A few years ago, I wrote about simple things that had made a big difference for me in my how to be a better photographer post. You can check that out to learn how tips like doing a 365 project, finding mentors and defining what inspires you will transform your work.
I'd like to start this series by addressing a question that I often get after the holidays:
"I just got a new camera... now what?"
If you were lucky enough to receive a new camera as a gift, or scored one during a great holiday sale, that's awesome! Congratulations and welcome to a whole new world of photographic possibilities. As exciting as the acquisition of a new camera (especially a dSLR) can be, it can also be a bit intimidating. You're now the proud owner of a powerful piece of equipment, but aren't sure how all its bells and whistles work.
Let's start with the basics today and I'll share more tips in the next post:
1. Read the manual. Seriously, I know the technical writing within is as dry as a winter day, but it's really important that you crack open your new camera's manual and read it cover to cover. Familiarize yourself with every button and wheel on your camera and its purpose. Take note of anything confusing or any unfamiliar terms along the way and look them up as you go along. Understanding your camera's features will make you a powerful photographer.
2. Take a class. If you finish reading your manual and are still a bit overwhelmed, or if (like me) you learn better from a person than a book, taking a class would be really helpful. Your best option would be to see if photographers in your area are offering workshops. There's nothing better than getting in-person lessons and the opportunity to ask questions and get feedback. Another fantastic option is to check out CreativeLIVE, a company I've deeply loved since its launch. You can watch their courses for free when they're airing live, or purchase them to stream/download after their air date. I've bought about eight of their courses and watched countless others and they have powerfully affected my work. Browse their photo & video section for the full selection, or check out one of their intro courses on Digital Photography Fundamentals (this one is live today, January 23!), Basics of Lenses or even one of their camera-specific courses such as this Canon Rebel T4i/T5i class.

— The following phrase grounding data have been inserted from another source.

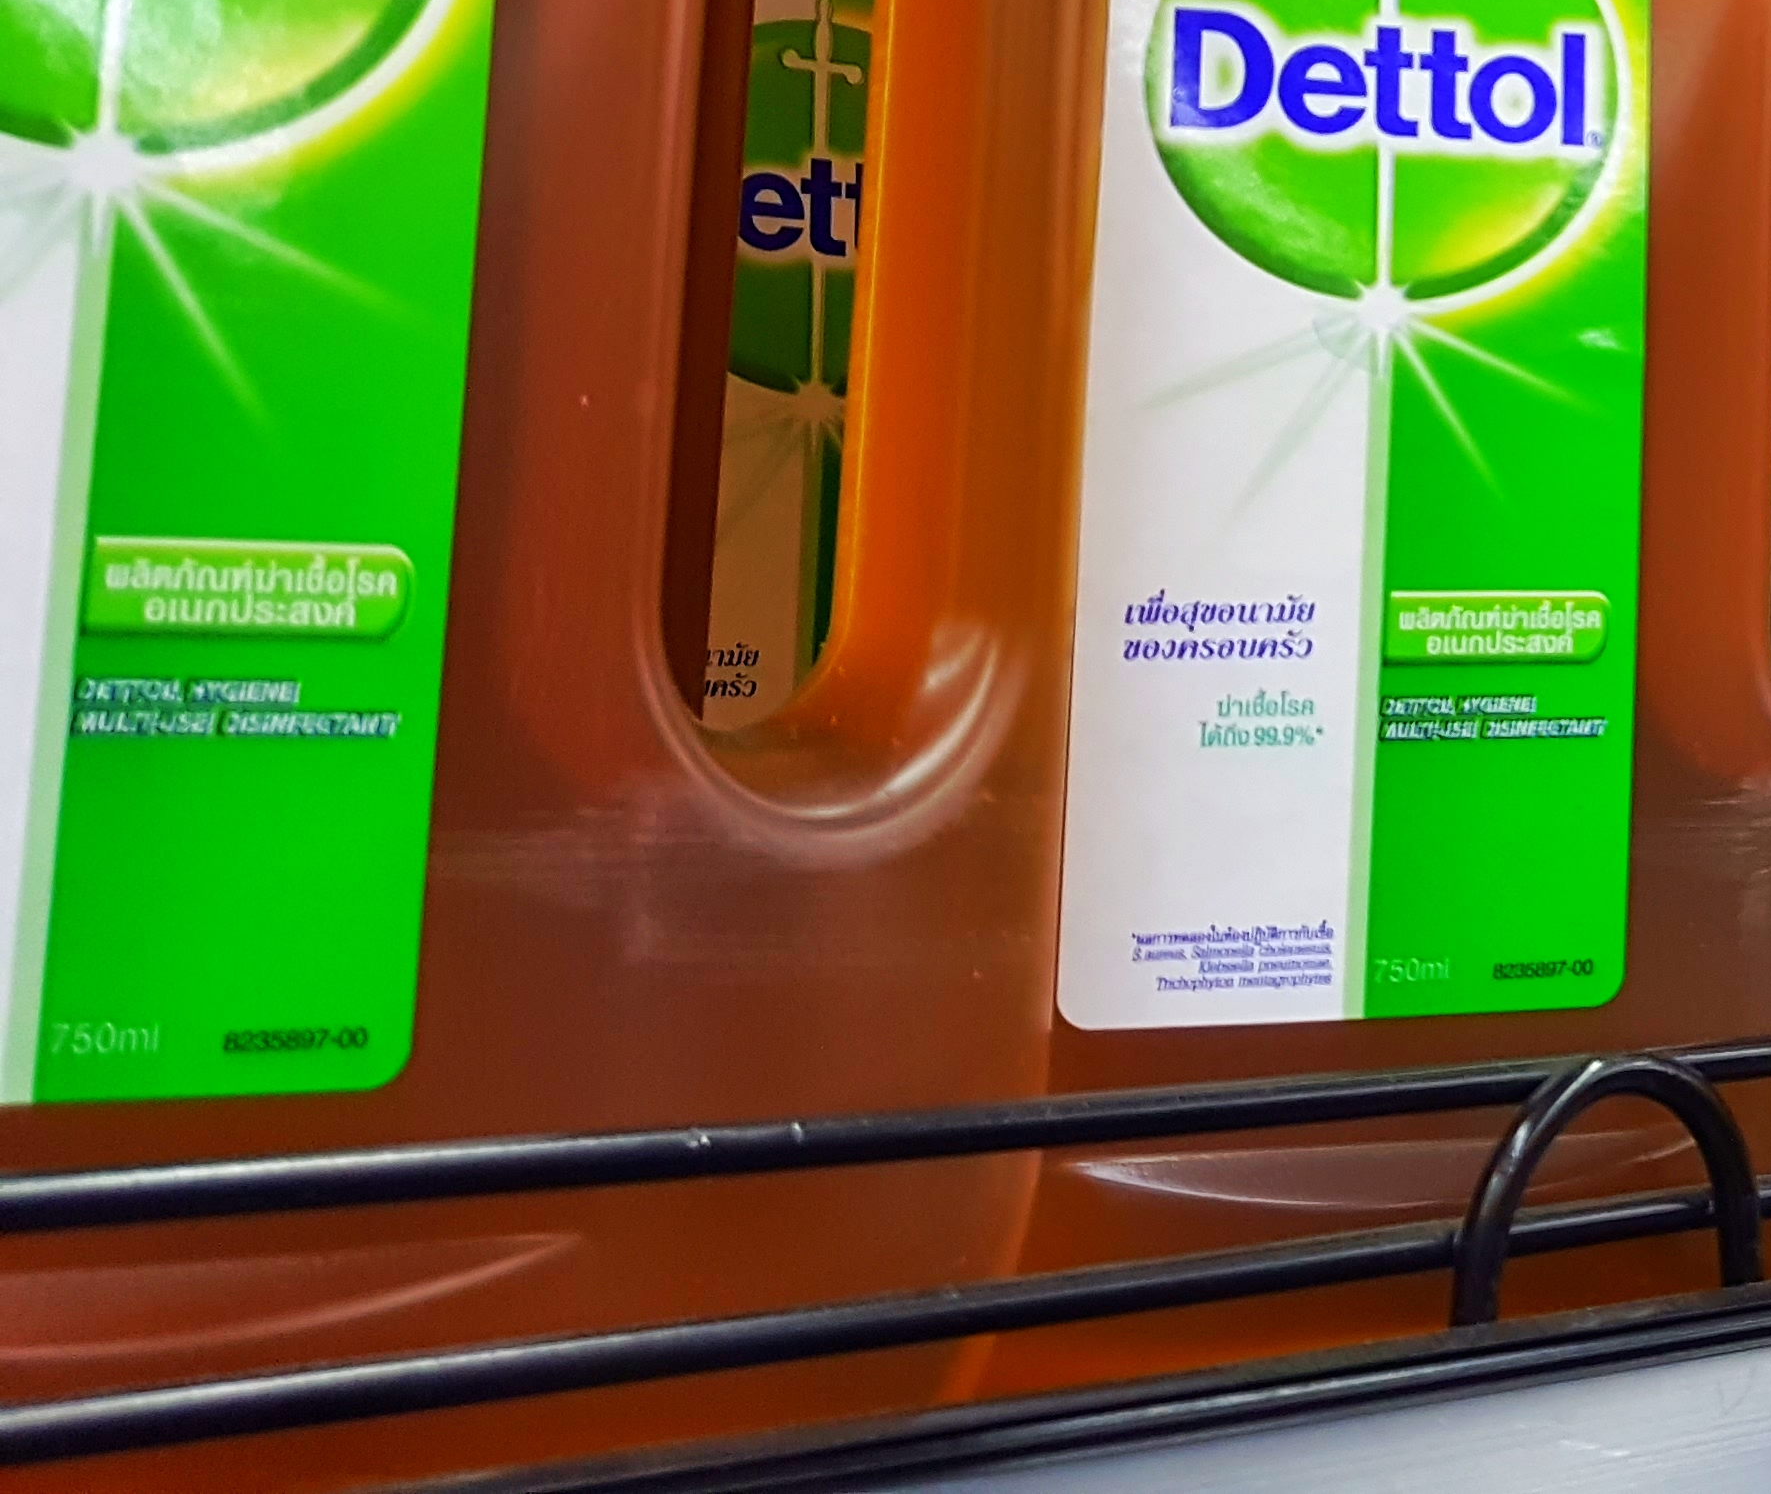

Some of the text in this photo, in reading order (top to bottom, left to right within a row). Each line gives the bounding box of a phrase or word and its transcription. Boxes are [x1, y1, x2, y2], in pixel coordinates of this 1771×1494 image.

[1169, 6, 1591, 146] Dettol
[1124, 588, 1317, 633] เพื่อสุขอนามัย
[1123, 628, 1314, 660] ของครอบครัว
[1374, 957, 1449, 983] 750ml
[50, 1022, 160, 1055] 750ml

3. Take advantage of free resources. There is so much information available that it's tough to know where to start, but if you can find a few helpful resources that communicate in a way that makes sense to you, you'd be amazed at how much you'll learn in a short period of time. Start by visiting Digital Photography School and subscribing to their newsletter. Once a week, you'll receive a "Photography Tips for your Weekend" email and it will be awesome. I still read this every single week and click on any post that's of interest. Also, browse their site and search for anything in particular you'd like to learn. Photography Concentrate is another fantastic resource. Subscribe to their newsletter too. Just today they shared a great post about road trip photography which I loved. They also sell simple and effective tutorials which you'd find really helpful.

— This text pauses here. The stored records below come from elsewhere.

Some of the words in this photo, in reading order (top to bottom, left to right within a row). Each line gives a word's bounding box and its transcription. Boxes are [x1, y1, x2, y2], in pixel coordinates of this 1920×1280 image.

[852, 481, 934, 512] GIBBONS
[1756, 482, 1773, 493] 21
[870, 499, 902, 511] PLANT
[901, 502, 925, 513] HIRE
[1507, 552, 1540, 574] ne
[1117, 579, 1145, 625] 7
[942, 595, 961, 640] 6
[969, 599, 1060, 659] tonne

4. Start looking for inspiration. Now, while you're an eager sponge, is a wonderful time to look for some photographers who do work that makes you wonder, "how on earth do they take such heart-stoppingly beautiful images?" Learning whom you admire teaches you a lot about your style, about your potential, and about your vision that will one day take shape once you've mastered the basic skills of photographic self-expression.
5. Just start. Take out your camera and just try taking photos of everyday life. Things you think are interesting or beautiful. Practice every day and try out the new techniques you're learning thanks to steps 1-4.